Which was a jaw-cracker of a sentence and left the reporters thinking up fast paraphrases.

When asked if this was a reliable witness, Peterson said, "He looked into the front seat of the car driven by the man we are certain is responsible for the killing. He was no more than three feet away. He assures me he can make a positive ID."

A reporter shouted, "Has Peter Crimmins been identified as the man in that car?"

But Peterson knew the game of reporter dodge; he was not going to give the defense lawyers a chance to claim prejudice.

He said, "All I can say at this time is that the witness will be giving us a formal statement at nine-thirty tomorrow morning. We anticipate an arrest within twenty-four hours of that"

Peterson then deflected a number of questions about the killing and talked about several drug busts and other recent prosecution victories of the U.S. Attorney's office recently.

"I heard rumors," a woman reporter called in an abrasive voice, "that you arrested Tony Sloan, the movie director who's currently shooting a film in Maddox."

Peterson glared into the video camera lights. "That is absolutely untrue. The movie company brought a large number of automatic weapons into the district. Both FBI and BATF agents from the Treasury Department observed what appeared to be an irregularity in the firearm permits and we just wanted to keep an eye on them to make sure they didn't fall into the wrong hands. We did not at any time contemplate criminal action against Mr. Sloan and the film company. The local police in Maddox, I understand, took it upon themselves, for some reason, to make an arrest. Our findings are that the permits are in order and I'm releasing the weapons presently."

"Are you saying that the Maddox police arrested Mr. Sloan improperly?"

"I won't comment on the judgment of fellow law enforcement agencies. The arrest was a Maddox Police Department decision. Ask them about it."

There were several other no comments. Finally a very preoccupied Ronald Peterson wandered off the stage, leaving the press corps to call their desks or tape their intros. Most of the TV reporters were far more interested in the Tony Sloan angle than the Gaudia killing and decided to run some clips from Circuit Man in the segment about Sloan's arrest.

But hard news is hard news and everybody wrote up at least a news bite about the witness for ten o'clock. Vince Gaudia was, after all, Maddox's only honest-to-God hit for as long as anyone could remember.

As it turned out, Ralph Bale was playing darts and did not happen to hear the story. Philip Lombro, however, did.

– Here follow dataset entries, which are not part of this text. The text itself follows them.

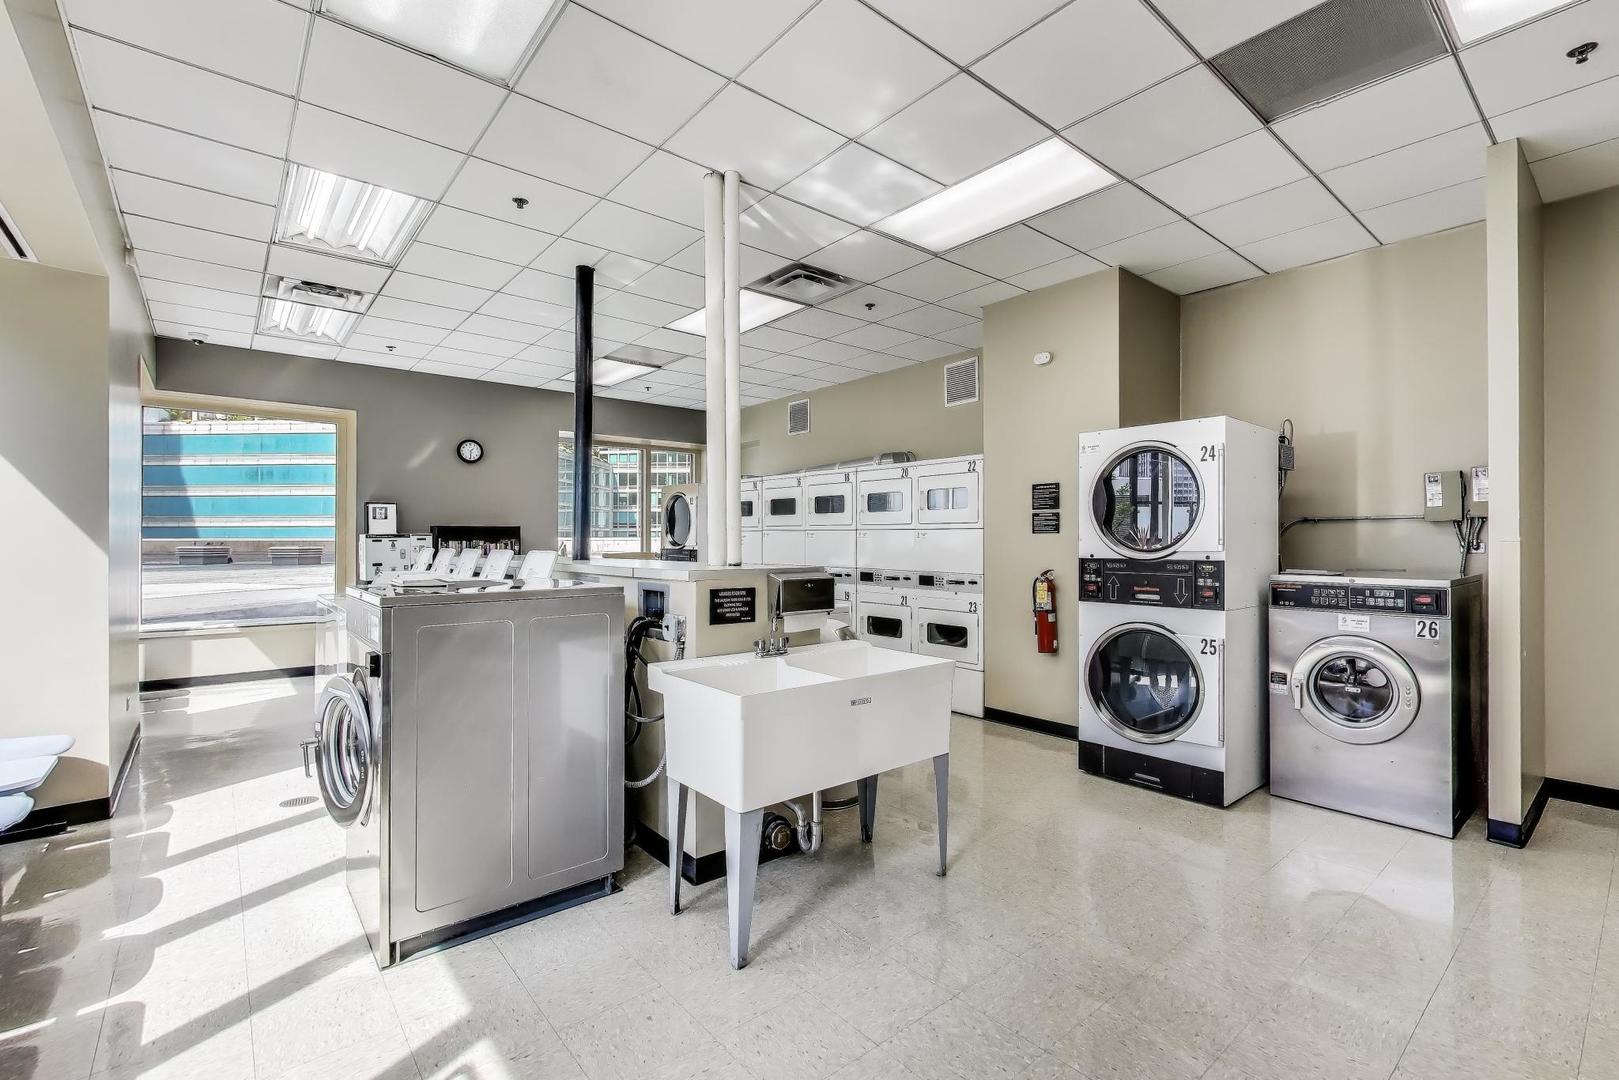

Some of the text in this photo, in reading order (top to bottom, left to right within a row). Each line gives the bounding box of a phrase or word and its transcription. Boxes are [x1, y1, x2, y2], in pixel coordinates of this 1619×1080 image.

[1200, 445, 1217, 462] 24
[967, 460, 977, 472] 22
[901, 467, 909, 478] 20
[900, 595, 908, 606] 21
[968, 601, 978, 613] 23
[1416, 620, 1438, 639] 26
[1200, 638, 1217, 656] 25

And by nine that evening was on the phone.

"He cheated us," Lombro said. "He took the money and he cheated us! He's going to testify!" His voice was high. Some of this was indignation and some of it was anger. But most of his agitation came from disgust with himself that this whole thing had gotten wildly out of hand.

"Looks that way," Ralph Bales said. "He's meeting Peterson tomorrow?"

"At nine-thirty."

After a lengthy silence, in which he heard the sound of male laughter in the background, Lombro said, "What exactly are you going to do?"